Lawrence worked for a few years as a schoolteacher, though his poor health forced him to quit soon after the publication of his first novel, The White Peacock (1911). This debut was populated by idealized versions of friends and family, as Lawrence often created characters inspired by those he knew. His first commercial success was the essentially autobiographical Sons and Lovers (1913).

A prolific writer, Lawrence churned out multiple drafts of The Rainbow amid a stormy romance with Frieda Weekley, the wife of his former teacher and a mother of three. The couple fled to her native Germany and traveled widely, returning to England two years later to marry after her divorce was finalized.
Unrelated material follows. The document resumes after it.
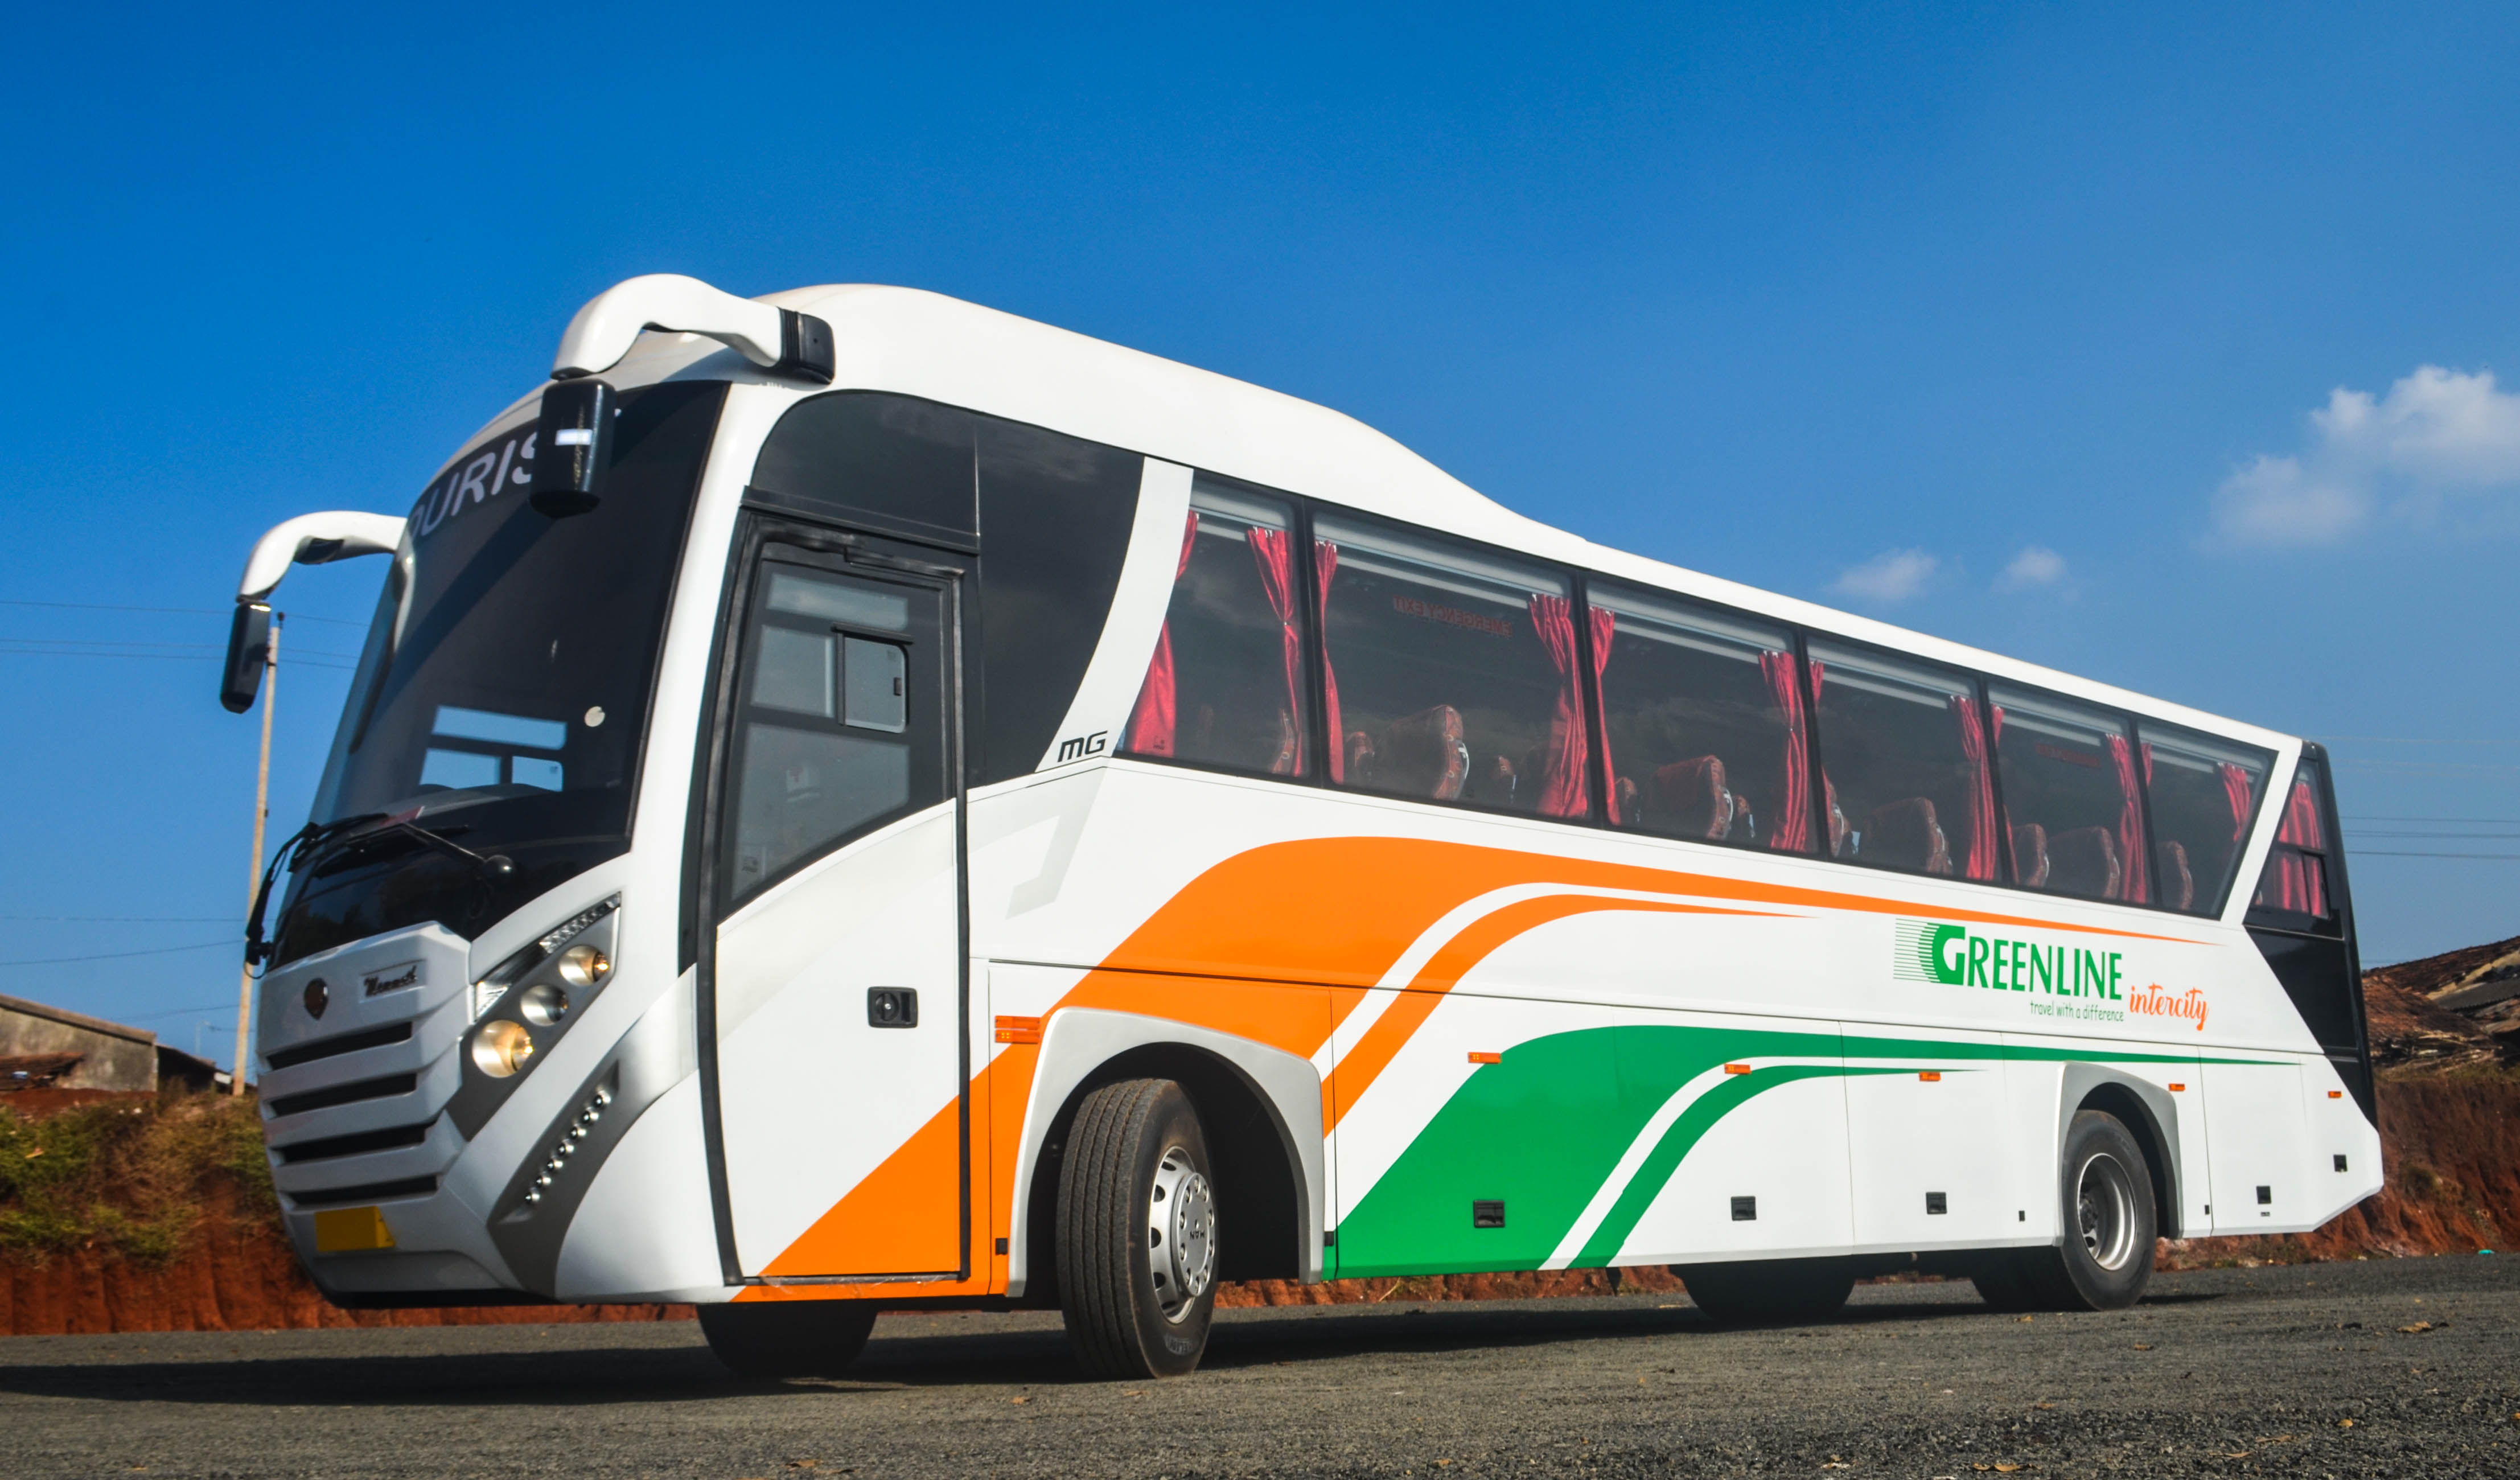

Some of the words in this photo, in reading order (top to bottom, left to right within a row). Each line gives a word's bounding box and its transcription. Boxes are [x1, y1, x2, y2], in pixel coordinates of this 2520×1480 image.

Lawrence began associating at this time with members of the influential Bloomsbury Group, particularly writer Katherine Mansfield and philosopher Bertrand Russell, with whom he fashioned an unsuccessful plan to establish a revolutionary anti-war political party. A string of ill-luck and hardships – including suppression of The Rainbow – followed.

In 1920, the couple continued their travels and Lawrence returned to prolific form, writing several novels, travelogues, translations, scholarly works on literature and psychoanalysis, and poems in the years to come. Malaria nearly killed him while living in Mexico and his health never fully recovered. In 1928, he published his most controversial novel, Lady Chatterley’s Lover; unexpurgated editions of the novel were unavailable for more than 30 years.

Lawrence succumbed to tuberculosis in 1930. His ashes are enshrined at Kiowa Ranch near Taos, New Mexico.

Discussion Topics for The Rainbow

  1. Much of The Rainbow focuses on conflicts and tensions that exist between people in romantic relationships. As you read about Tom and Lydia, Anna and Will, Ursula and Winifred, and then Ursula and Anton, consider the degree to which these characters and their struggles touch on your own experiences with romantic love.
  2. How might we use this novel to trace and understand industrialization’s effects on the lives of rural English people in the nineteenth century and early twentieth century?
  3. How is Ursula a product of a transitional age, one that moves from an agrarian-based economy and culture to an industrial economy and culture?
  4. Lawrence wrote that The Rainbow is “like a novel in a foreign language.” What elements strike you as unusual, perhaps difficult to translate or understand?
  5. Although the novel depicts England in the Victorian era (roughly 1840-1905), the novel is in many respects modernist. Lawrence concentrates on the inner consciousness of his characters and relies on symbols to add depth to his plot. Including the rainbow itself, what other symbols does the author rely on to convey meaning?